People now report that they see the page divided into two gray halves one lighter than the other.

I say "You look like an honest person."

Then move the two halves of the optional gray step so that one is lined up with its bottom above the top of the first to show that both halves are identical.

Then move the right gray area to the left.
The bright one now becomes the dark one.

What's Going On?

A photometer would show that the gray regions change darkness by four percent from one side to the other, your eye does not see this change.

The eye is sensitive to changes in gray level if they are great enough or if they occur over a short distance. After all, you can tell the difference between white and black which are extreme shades of gray.

When one portion of your retina is illuminated by brighter light the sensitivity of the retina in nearby surrounding areas is turned down, this is called lateral inhibition. Conversely if one region is in the dark the sensitivity of surrounding regions is increased. This means that a dark region next to a bright one looks darker and a light region next to a dark one looks brighter than either would look if surrounded by gray. As a result your visual system is most sensitive to changes in brightness imaged over a small region of the retina.

When the pencil is in place the two different grays are spread apart on the retina so that the grays are not in adjacent regions and lateral inhibition does not function. When the pencil is removed the two shades of gray fall on adjacent regions of the retina and lateral inhibition enhances the visibility of the difference between the grays.

So What?

Lateral inhibition allows for the reduction in the amount of information transmitted from the optic nerve down the retina. There are on the order of 100 million receptors (rods and cones) in each retina and merely one million neurons in the optic nerve To transmit all the information to the brain, the optic nerve would have to be as wide as the entire eye, the resulting blind spot in a human eye would be as big as the eye. As a result, the eye sends only part of the information it records down the optic nerve to the brain. The brain then creates our perception of the world. The optic nerve does not convey to the brain information on gradual brightness changes it conveys and emphasizes abrupt changes. The information going to the brain is reduced by a factor of 100, and what you "see" is not necessarily the image formed on your retina.

Engineers use similar processing to reduce the amount of computer memory necessary to store a digital image. The data necessary to reproduce a 1 megapixel photograph often can be compressed to a hundred thousand bytes or so.

Further Inquiry

I also ask the observers for suggested experiments.

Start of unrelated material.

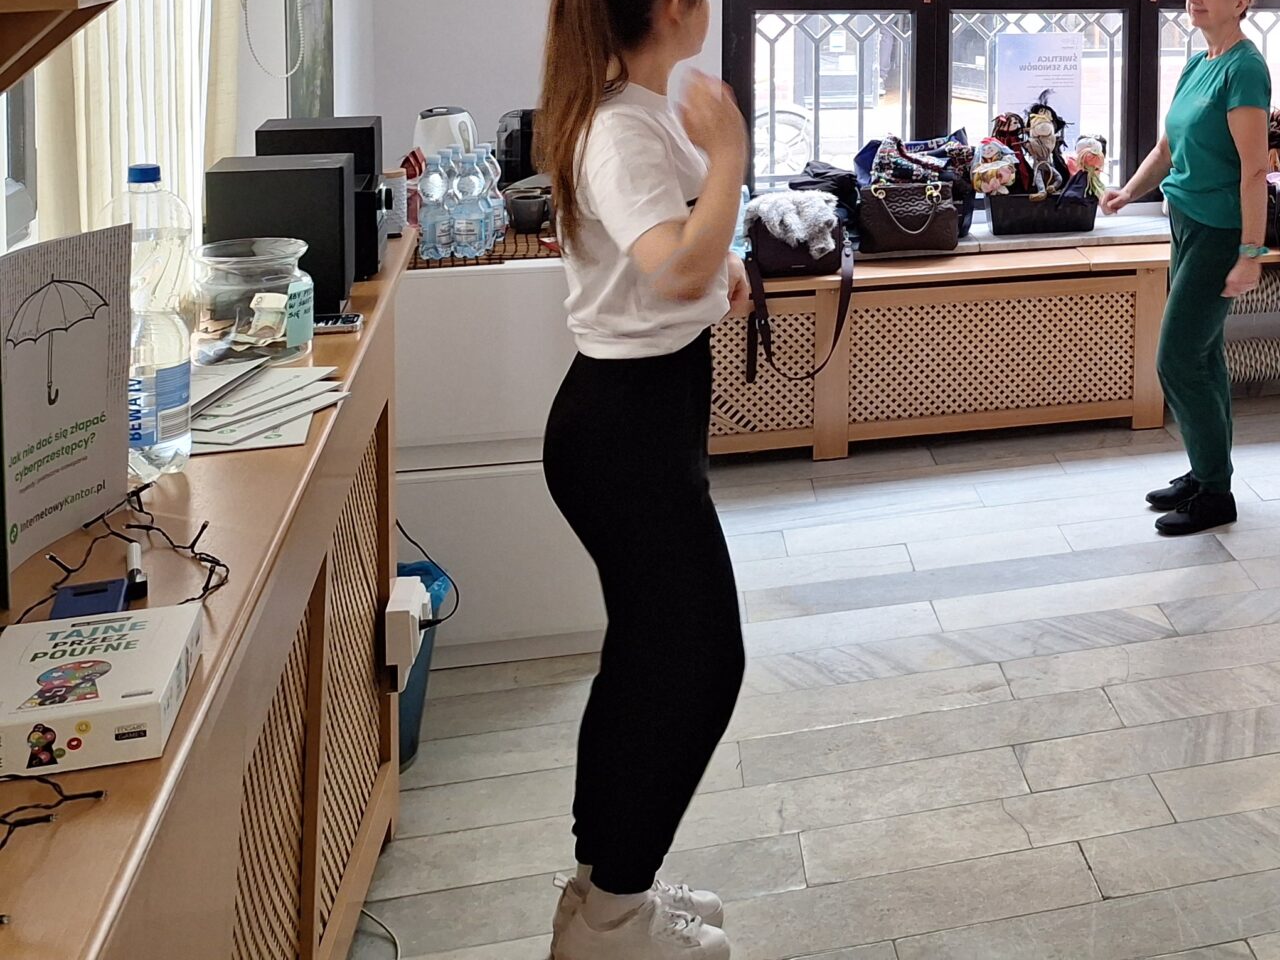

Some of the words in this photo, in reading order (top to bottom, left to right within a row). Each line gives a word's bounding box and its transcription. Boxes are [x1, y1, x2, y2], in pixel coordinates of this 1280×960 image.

Examples, I have received are:

Use a fatter or thinner object than the pencil. Try a string, and a thread.

View the gray step from different distances.

Notice in both of the above experiments that it is the angular width of the object covering the edge that matters. A wide object works better at normal viewing distances. However a narrow object works well when viewed closely.

Vary the color of the object.

Notice that some colors work better than others, black pencils work best for me.

Cover only a part of the edge, e.g. the top half.

Use a photometer, a photographers spot meter, it will see the difference from one side of each gray step to the other while the human eye does not.

Work with the cut-up cards, you will discover many neat effects:

Hold cut-ups side by side rotate one.

Cut the cards into square regions and rotate one square next to another. Examine all four possible orientations of the square.

Cut a gray step card in half along the center line. Cut one side into a disk, place it over the other, uncut, side. Rotate the gray step disk in front of the gray step card.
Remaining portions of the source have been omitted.